Comparative Analysis of OpenAI GPT-4o and DeepSeek R1 for Scientific Text Categorization Using Prompt Engineering
Aniruddha Maiti, Samuel Adewumi, Temesgen Alemayehu Tikure, Zichun Wang, Niladri Sengupta, Anastasiia Sukhanova, Ananya Jana
TL;DR
This study compares GPT-4o and DeepSeek R1 on scientific sentence categorization using prompt engineering and a task-specific dataset of ten arXiv papers. It introduces a paragraph-level prompt framework with 17 predefined relationship categories and evaluates performance in terms of categorization coverage, entity extraction, and cross-model agreement.
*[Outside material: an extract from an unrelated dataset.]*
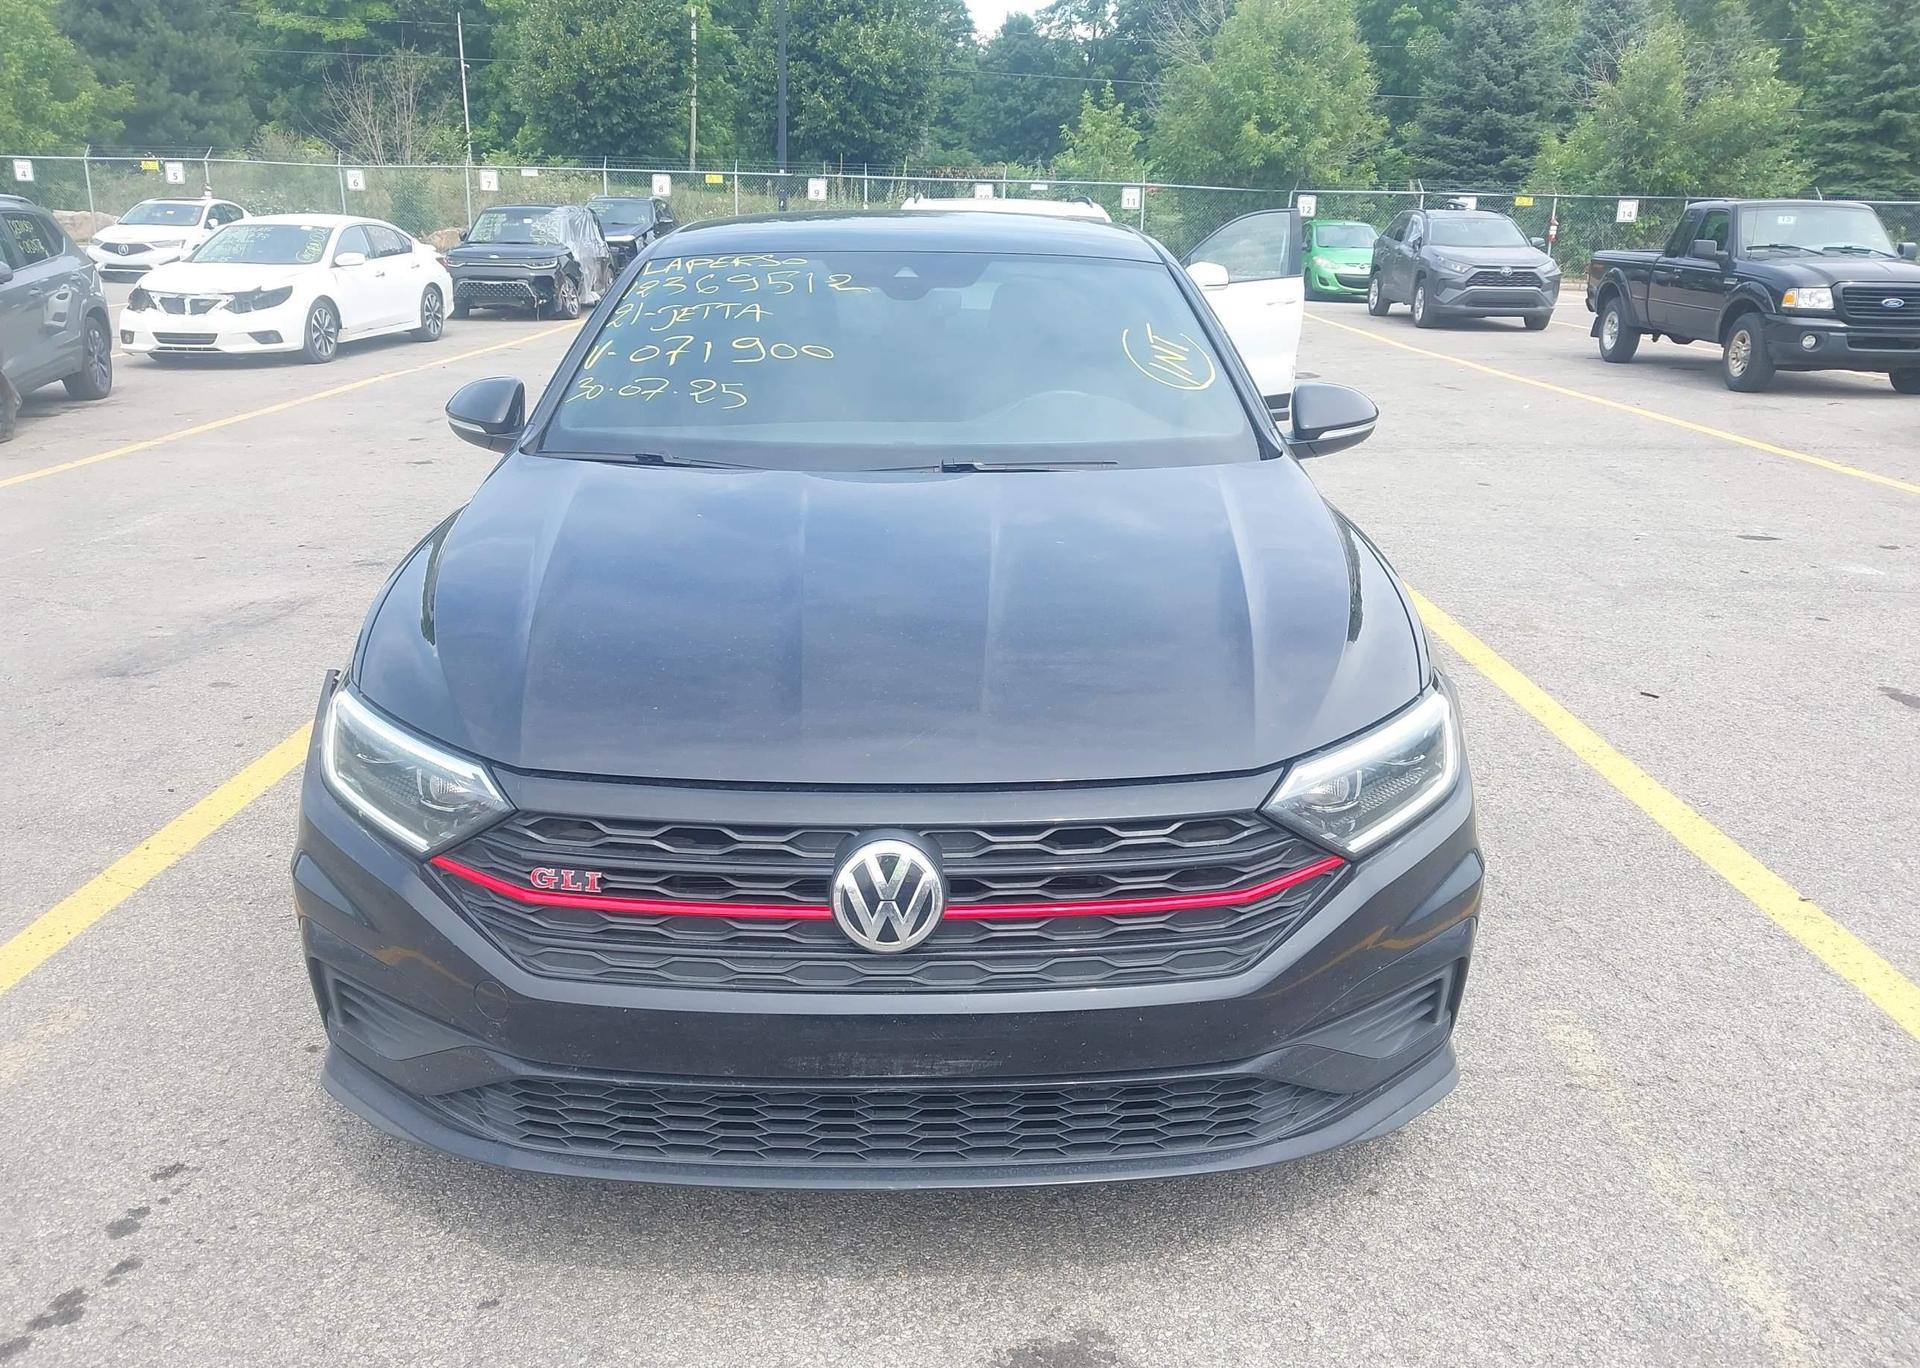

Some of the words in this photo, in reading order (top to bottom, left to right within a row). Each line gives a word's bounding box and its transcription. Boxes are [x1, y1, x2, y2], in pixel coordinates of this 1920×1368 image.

The findings show DeepSeek R1 achieves higher coverage and some category-level consistency, while GPT-4o exhibits more misclassification and inconsistent boundaries, likely reflecting different heuristics. The work highlights the importance of prompt design and dataset scale for reliable scientific text categorization and suggests directions for improving open-source tooling and evaluation methodologies. The practical impact lies in informing researchers about the trade-offs between a commercial multimodal model and an open-source alternative for structured scientific text understanding.
Abstract
This study examines how large language models categorize sentences from scientific papers using prompt engineering. We use two advanced web-based models, GPT-4o (by OpenAI) and DeepSeek R1, to classify sentences into predefined relationship categories. DeepSeek R1 has been tested on benchmark datasets in its technical report. However, its performance in scientific text categorization remains unexplored. To address this gap, we introduce a new evaluation method designed specifically for this task. We also compile a dataset of cleaned scientific papers from diverse domains. This dataset provides a platform for comparing the two models. Using this dataset, we analyze their effectiveness and consistency in categorization.